Source records:
━━━━━━━━━━━━━━━━━━━━

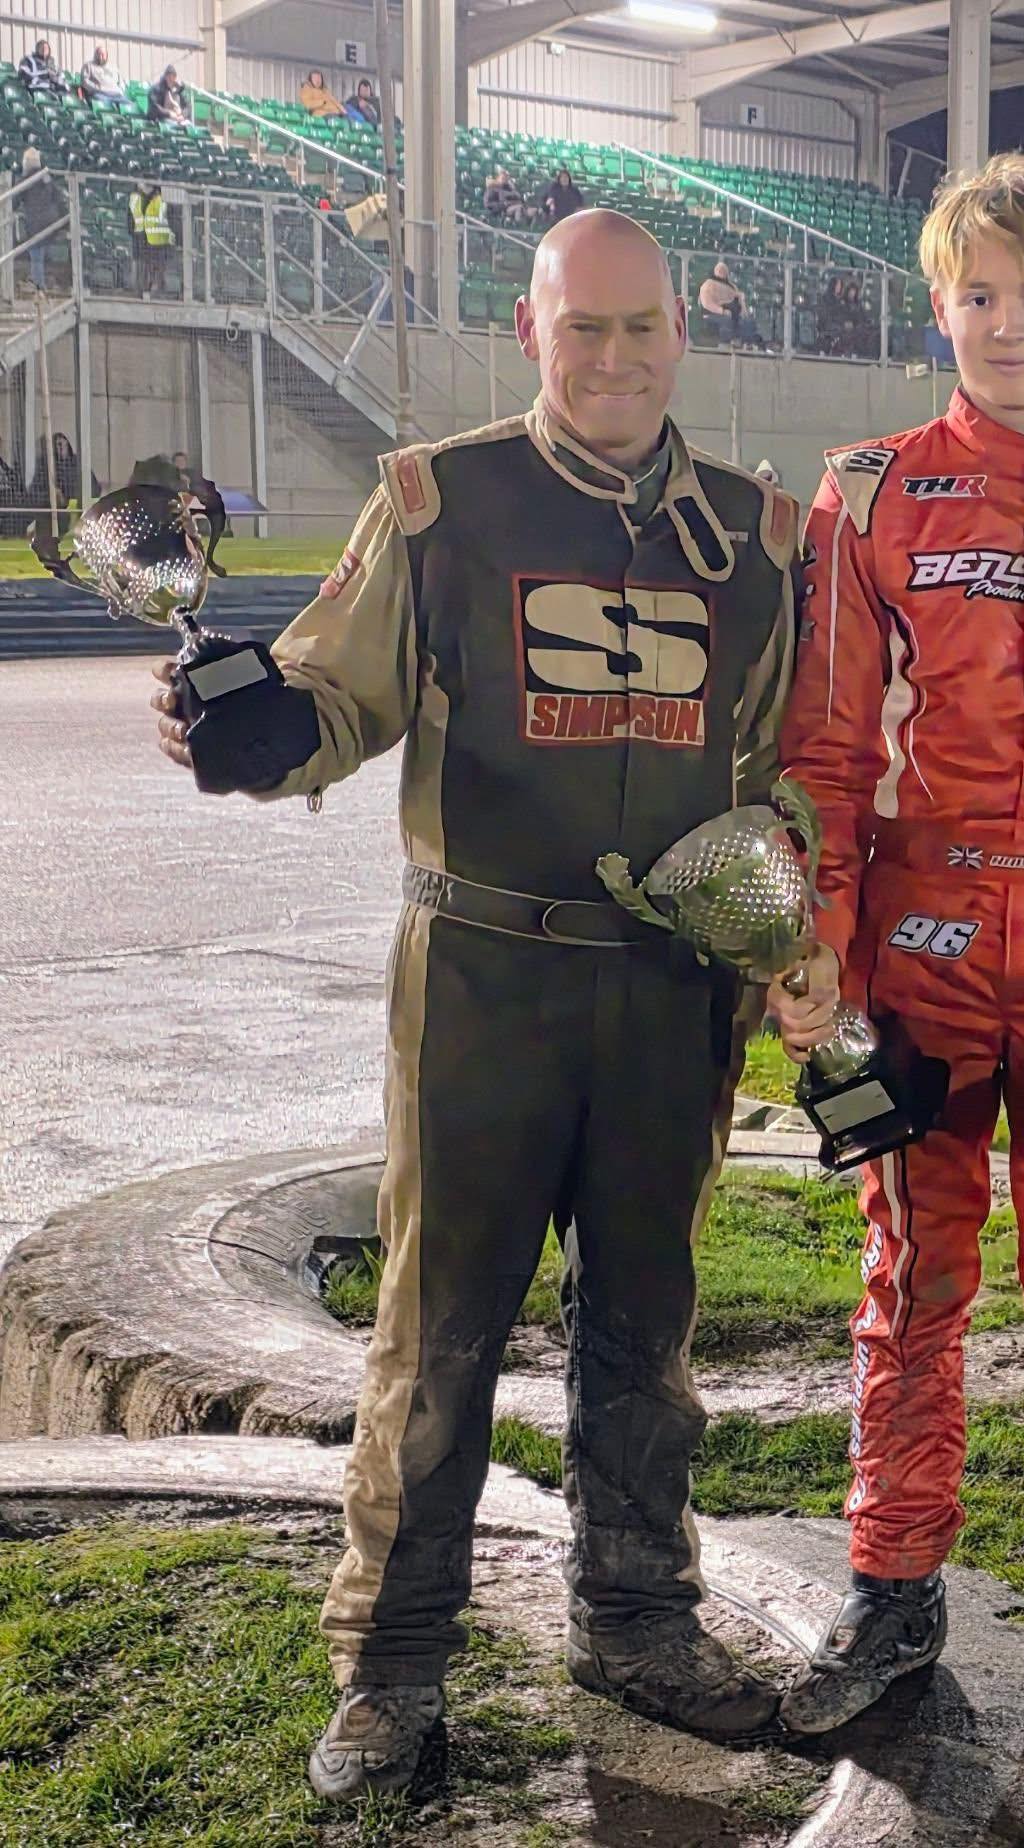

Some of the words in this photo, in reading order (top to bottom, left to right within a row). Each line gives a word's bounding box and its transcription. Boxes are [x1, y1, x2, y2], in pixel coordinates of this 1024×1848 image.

[345, 44, 357, 64] E
[747, 107, 757, 125] F
[904, 475, 987, 497] THR
[529, 695, 701, 741] SIMPSON
[887, 914, 979, 957] 96

━━━━━━━━━━━━━━━━━━━━

Give back every record above word for word; the pictures have no place in it.

Some of the words in this photo, in reading order (top to bottom, left to right within a row). Each line gives a word's bounding box and its transcription. Boxes are [x1, y1, x2, y2], in pixel coordinates of this 1024×1848 image.

[345, 44, 357, 64] E
[747, 107, 757, 125] F
[904, 475, 987, 497] THR
[529, 695, 701, 741] SIMPSON
[887, 914, 979, 957] 96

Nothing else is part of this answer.